Notwithstanding the foregoing, in the event that the address of the Company is changed, notices shall instead be made pursuant to the foregoing provisions at the Company’s then current address.
Any notices provided for in this Agreement or in the Plan shall be given in writing and shall be deemed effectively delivered or given upon receipt or, in the case of notices delivered by the Company to the Grantee, five days (5) after deposit in the United States mail, postage prepaid, addressed to the Grantee at the address specified at the end of this Agreement or at such other address as the Grantee hereafter designates by written notice to the Company.
The foregoing notwithstanding, the Grantee agrees that the Company may deliver by email all documents relating to the Plan or this Award (including, without limitation, prospectuses required by the Securities and Exchange Commission) and all other documents that the Company is required to deliver to its security holders (including, without limitation, annual reports and proxy statements). The Grantee also agrees that the Company may deliver these documents by posting them on a web site maintained by the Company or by a third party under contract with the Company.  If the Company posts these documents on a web site, such posting is deemed to notify the Grantee. 
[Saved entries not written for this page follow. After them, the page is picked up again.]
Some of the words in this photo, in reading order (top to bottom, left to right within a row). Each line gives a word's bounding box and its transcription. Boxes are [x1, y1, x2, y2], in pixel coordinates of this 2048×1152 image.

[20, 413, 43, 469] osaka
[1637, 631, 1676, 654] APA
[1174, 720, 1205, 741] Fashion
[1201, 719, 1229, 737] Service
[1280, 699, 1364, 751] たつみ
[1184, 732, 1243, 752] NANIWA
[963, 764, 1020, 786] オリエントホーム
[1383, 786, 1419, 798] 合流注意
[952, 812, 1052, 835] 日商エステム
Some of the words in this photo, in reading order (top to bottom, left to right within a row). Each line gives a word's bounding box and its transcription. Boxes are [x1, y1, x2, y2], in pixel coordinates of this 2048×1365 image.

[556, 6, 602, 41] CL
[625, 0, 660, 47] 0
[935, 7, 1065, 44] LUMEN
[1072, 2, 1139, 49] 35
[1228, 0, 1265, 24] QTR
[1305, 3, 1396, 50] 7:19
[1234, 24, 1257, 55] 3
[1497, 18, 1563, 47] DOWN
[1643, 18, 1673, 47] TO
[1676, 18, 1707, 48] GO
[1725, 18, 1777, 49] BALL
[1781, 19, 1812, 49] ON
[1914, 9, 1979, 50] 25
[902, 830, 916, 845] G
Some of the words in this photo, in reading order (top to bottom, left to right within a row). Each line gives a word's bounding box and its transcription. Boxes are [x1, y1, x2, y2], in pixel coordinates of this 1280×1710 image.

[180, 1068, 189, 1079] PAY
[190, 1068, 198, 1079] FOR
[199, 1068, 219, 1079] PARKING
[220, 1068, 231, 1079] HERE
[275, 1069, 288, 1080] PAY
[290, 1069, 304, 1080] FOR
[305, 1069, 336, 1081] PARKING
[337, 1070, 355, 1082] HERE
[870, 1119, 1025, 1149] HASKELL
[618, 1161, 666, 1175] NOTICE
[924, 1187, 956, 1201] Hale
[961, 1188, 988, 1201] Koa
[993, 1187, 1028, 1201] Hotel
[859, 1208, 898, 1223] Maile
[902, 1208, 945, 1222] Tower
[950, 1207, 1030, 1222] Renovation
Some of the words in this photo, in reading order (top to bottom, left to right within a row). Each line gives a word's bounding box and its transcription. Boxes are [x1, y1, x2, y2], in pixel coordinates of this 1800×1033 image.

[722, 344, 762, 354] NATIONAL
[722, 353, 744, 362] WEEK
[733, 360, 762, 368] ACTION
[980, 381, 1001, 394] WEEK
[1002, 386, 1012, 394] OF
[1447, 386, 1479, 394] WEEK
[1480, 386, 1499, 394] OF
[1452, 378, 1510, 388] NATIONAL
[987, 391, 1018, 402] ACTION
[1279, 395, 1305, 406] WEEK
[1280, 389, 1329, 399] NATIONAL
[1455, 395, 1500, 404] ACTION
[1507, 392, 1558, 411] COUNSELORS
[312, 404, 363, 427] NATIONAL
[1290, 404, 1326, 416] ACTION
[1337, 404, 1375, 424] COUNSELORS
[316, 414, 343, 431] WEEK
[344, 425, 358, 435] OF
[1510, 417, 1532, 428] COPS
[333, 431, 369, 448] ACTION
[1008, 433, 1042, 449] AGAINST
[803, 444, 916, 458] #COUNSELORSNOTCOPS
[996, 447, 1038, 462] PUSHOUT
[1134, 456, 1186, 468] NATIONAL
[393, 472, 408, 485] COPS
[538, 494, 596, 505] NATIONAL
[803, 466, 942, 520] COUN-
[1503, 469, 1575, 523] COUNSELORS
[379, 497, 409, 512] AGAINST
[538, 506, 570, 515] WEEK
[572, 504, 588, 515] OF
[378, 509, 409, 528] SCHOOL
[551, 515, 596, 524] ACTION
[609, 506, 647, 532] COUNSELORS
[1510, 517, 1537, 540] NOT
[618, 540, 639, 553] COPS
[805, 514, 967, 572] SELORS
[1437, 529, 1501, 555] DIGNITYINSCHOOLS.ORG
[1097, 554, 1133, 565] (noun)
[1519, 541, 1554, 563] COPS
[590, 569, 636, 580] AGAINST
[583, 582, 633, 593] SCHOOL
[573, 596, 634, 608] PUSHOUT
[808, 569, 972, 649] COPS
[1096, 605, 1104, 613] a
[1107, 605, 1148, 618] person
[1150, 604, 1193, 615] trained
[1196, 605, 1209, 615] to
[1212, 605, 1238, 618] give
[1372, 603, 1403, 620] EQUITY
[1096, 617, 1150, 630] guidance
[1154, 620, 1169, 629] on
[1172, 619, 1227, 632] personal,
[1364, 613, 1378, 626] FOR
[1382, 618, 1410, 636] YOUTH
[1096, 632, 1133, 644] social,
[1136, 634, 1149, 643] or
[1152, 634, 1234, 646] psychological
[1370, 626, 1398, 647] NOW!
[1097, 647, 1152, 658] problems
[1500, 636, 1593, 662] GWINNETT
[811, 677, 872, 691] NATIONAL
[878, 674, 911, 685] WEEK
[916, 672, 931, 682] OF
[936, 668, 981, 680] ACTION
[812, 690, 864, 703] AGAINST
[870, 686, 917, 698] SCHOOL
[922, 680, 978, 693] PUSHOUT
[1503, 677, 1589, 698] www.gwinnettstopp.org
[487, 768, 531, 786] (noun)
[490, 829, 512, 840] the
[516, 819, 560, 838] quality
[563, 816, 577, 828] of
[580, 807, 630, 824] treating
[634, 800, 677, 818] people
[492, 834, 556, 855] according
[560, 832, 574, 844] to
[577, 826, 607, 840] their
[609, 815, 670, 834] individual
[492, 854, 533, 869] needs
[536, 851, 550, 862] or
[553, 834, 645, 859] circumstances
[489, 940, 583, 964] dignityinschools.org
9.    Assignment of Award.  Except as otherwise permitted by the Committee, the Grantee’s rights under the Plan and this Agreement are personal; no assignment or transfer of the Grantee’s rights under and interest in this Award may be made by the Grantee other than by will or by the laws of descent and distribution or by a qualified domestic relations order, and this Award is payable during his lifetime only to the Grantee, or in the case of a Grantee who is mentally incapacitated, this Award shall be payable to his guardian or legal representative.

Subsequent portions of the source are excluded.